Exercise prompt: Before copying, set the pictures aside; then repeat every line below verbatim.

Text-to-region grounding data

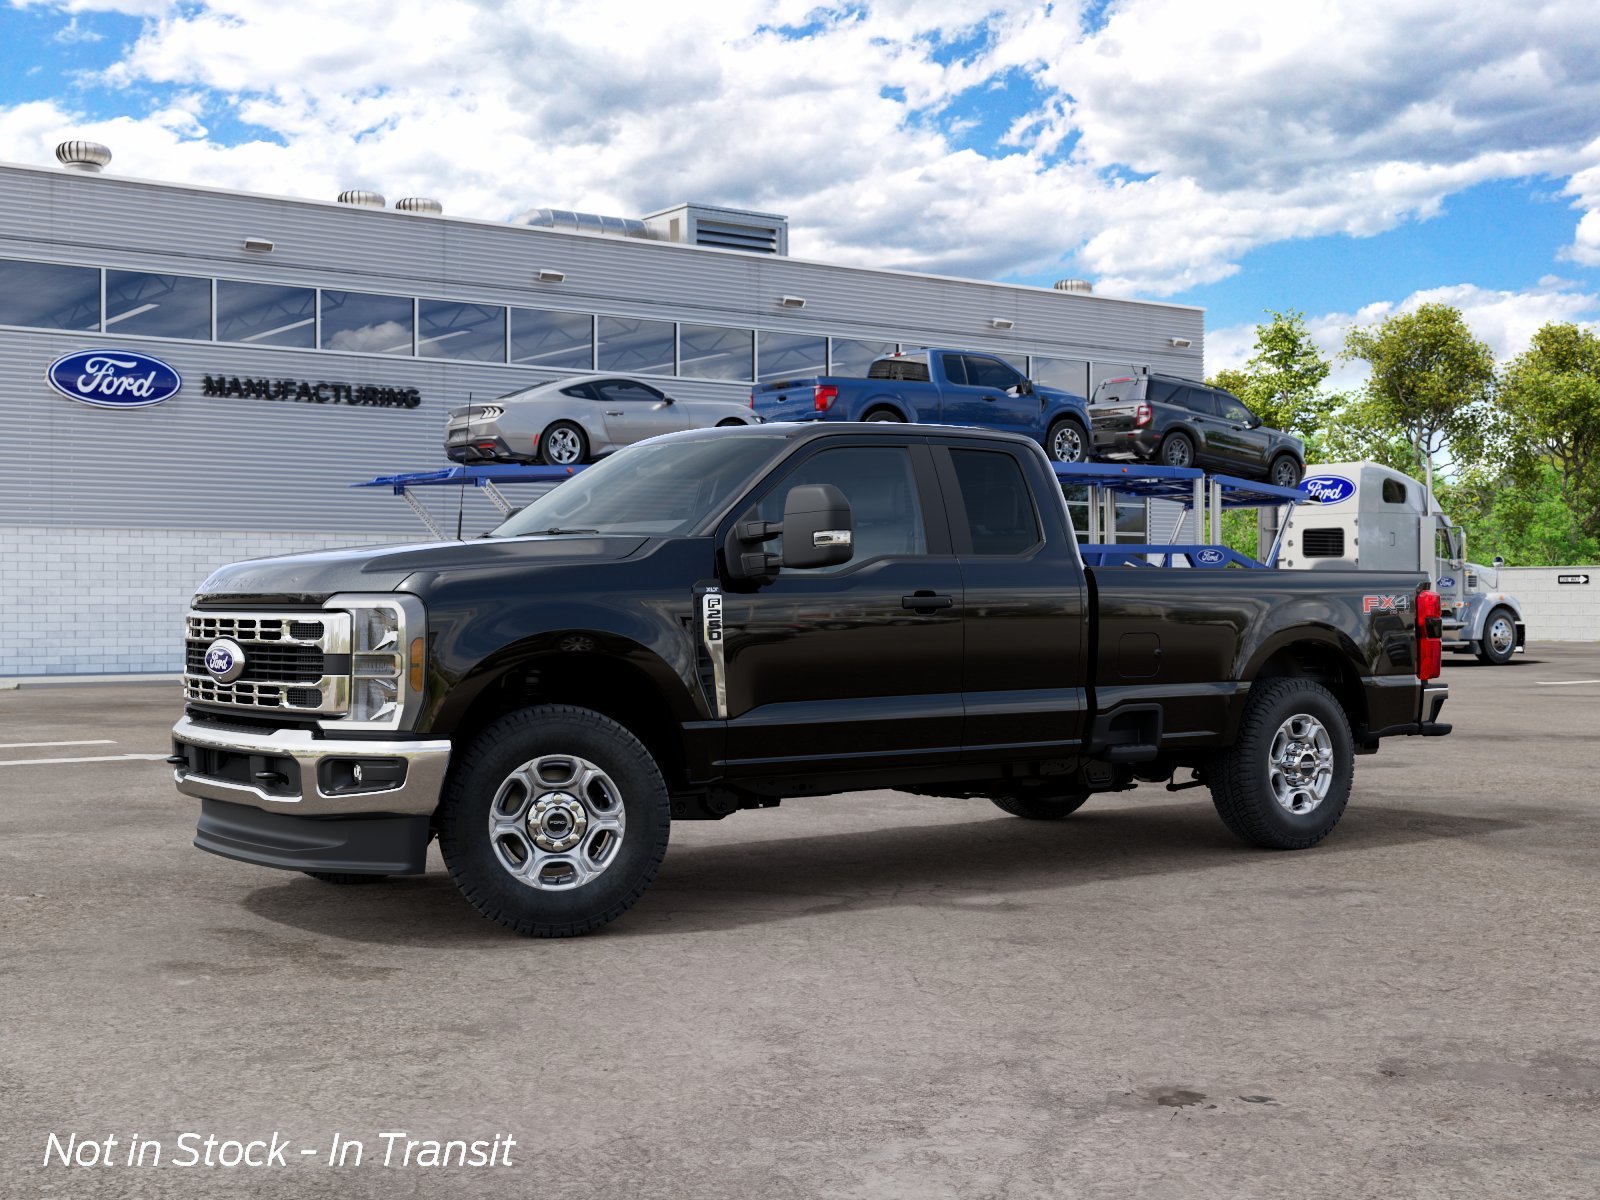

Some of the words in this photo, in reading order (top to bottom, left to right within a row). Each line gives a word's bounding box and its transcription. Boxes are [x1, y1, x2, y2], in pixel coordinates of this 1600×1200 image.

[77, 356, 156, 398] Ford
[203, 374, 421, 409] MANUFACTURING
[1306, 480, 1343, 500] Ford
[1363, 594, 1410, 615] FX4
[707, 598, 722, 641] F250
[210, 650, 229, 670] Ford
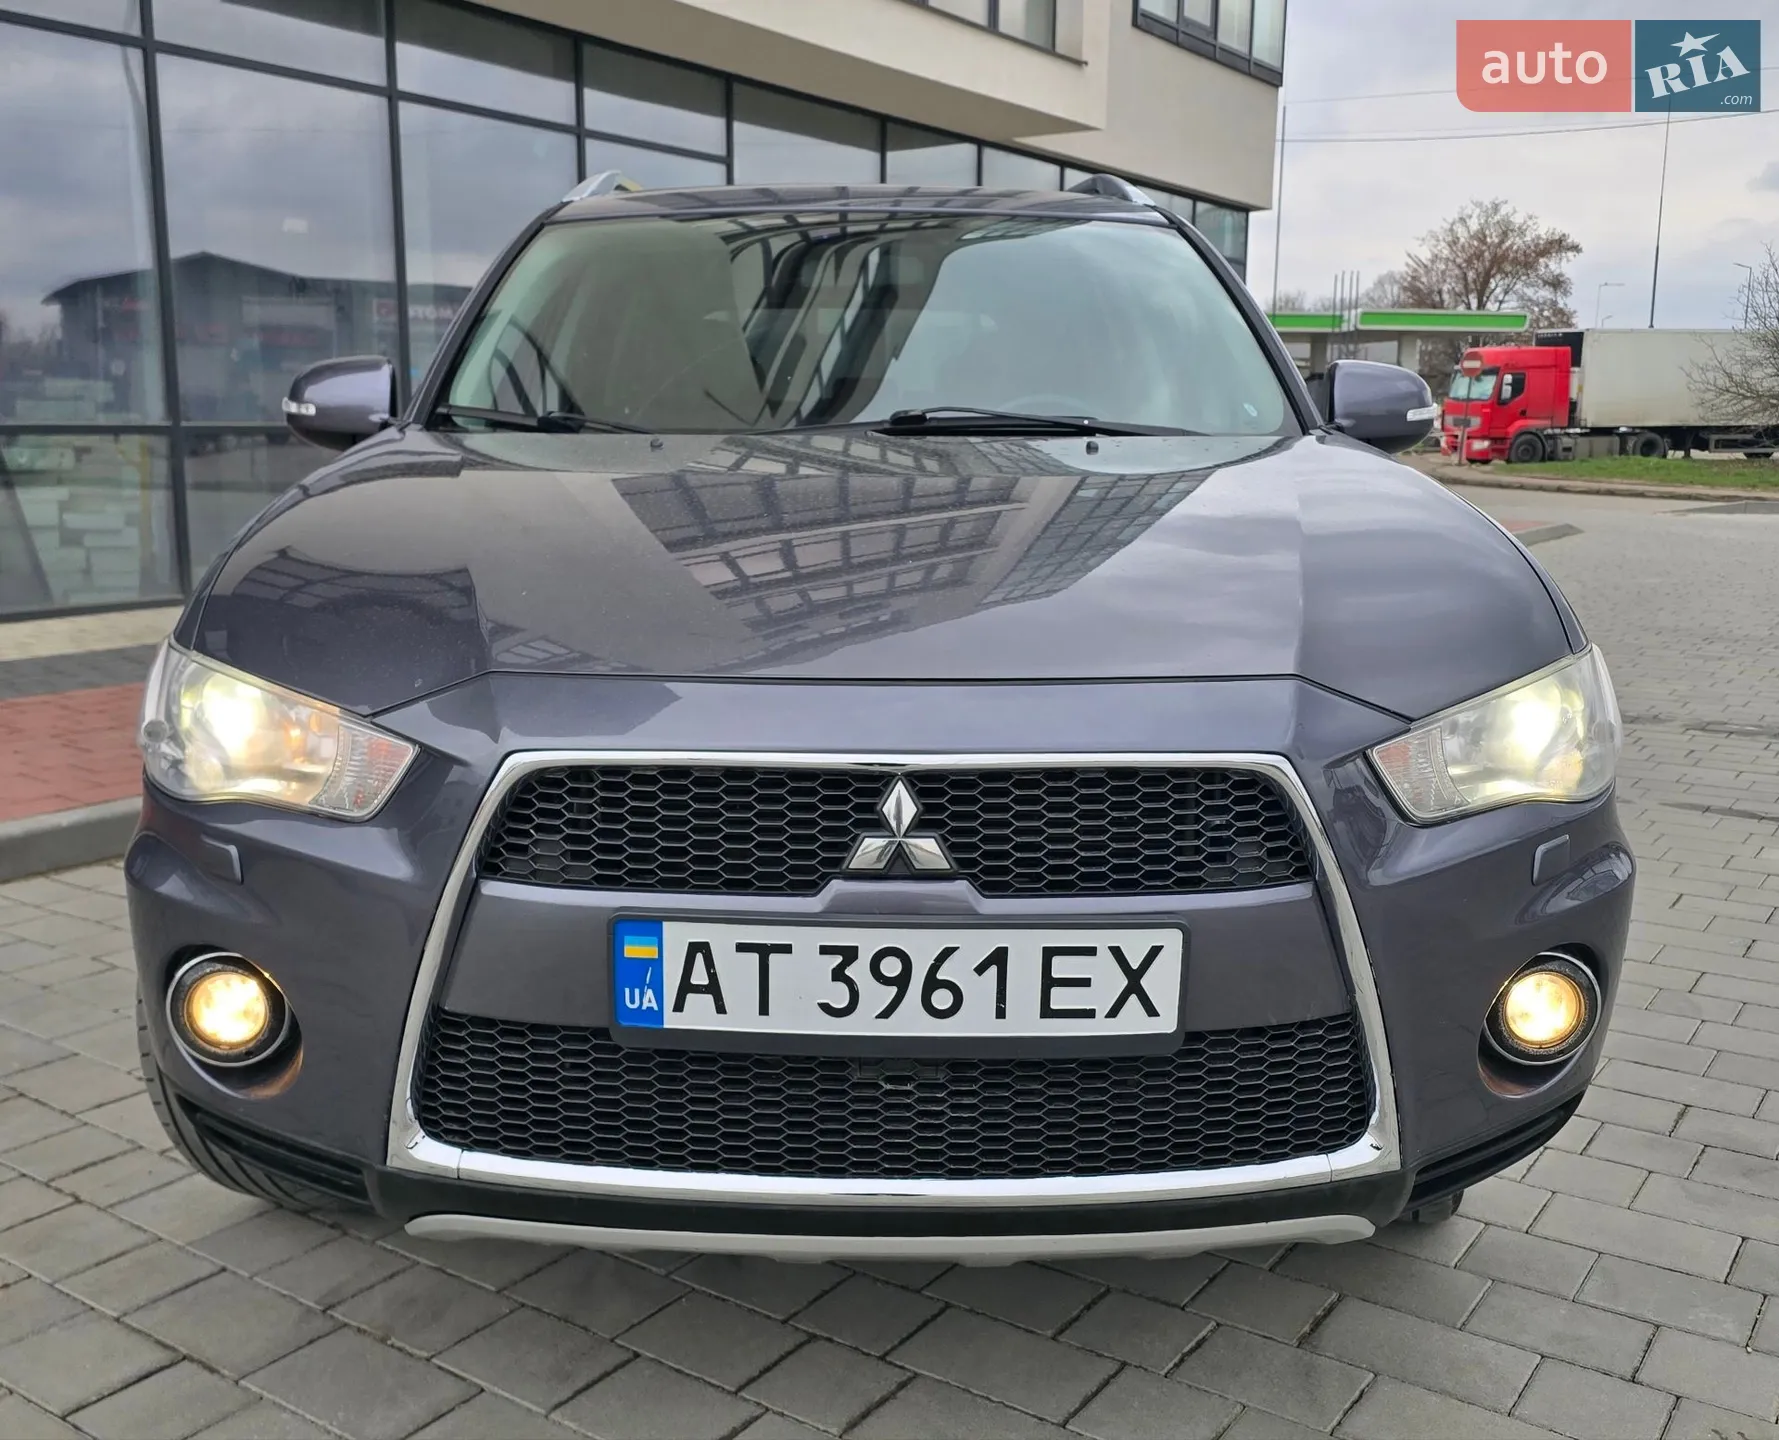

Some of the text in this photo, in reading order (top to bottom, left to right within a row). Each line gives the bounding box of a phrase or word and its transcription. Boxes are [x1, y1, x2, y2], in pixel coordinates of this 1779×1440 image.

Task response:
Some of the words in this photo, in reading order (top to bottom, left to right within a row). Each line gives a word's bounding box and its transcription. Boxes are [x1, y1, x2, y2], in pixel coordinates of this 1600×1200 image.

[77, 356, 156, 398] Ford
[203, 374, 421, 409] MANUFACTURING
[1306, 480, 1343, 500] Ford
[1363, 594, 1410, 615] FX4
[707, 598, 722, 641] F250
[210, 650, 229, 670] Ford

Some of the text in this photo, in reading order (top to bottom, left to right within a row). Each line gives the bounding box of a phrase or word and its transcription. Boxes are [x1, y1, x2, y2], in pixel coordinates of this 1779×1440 image.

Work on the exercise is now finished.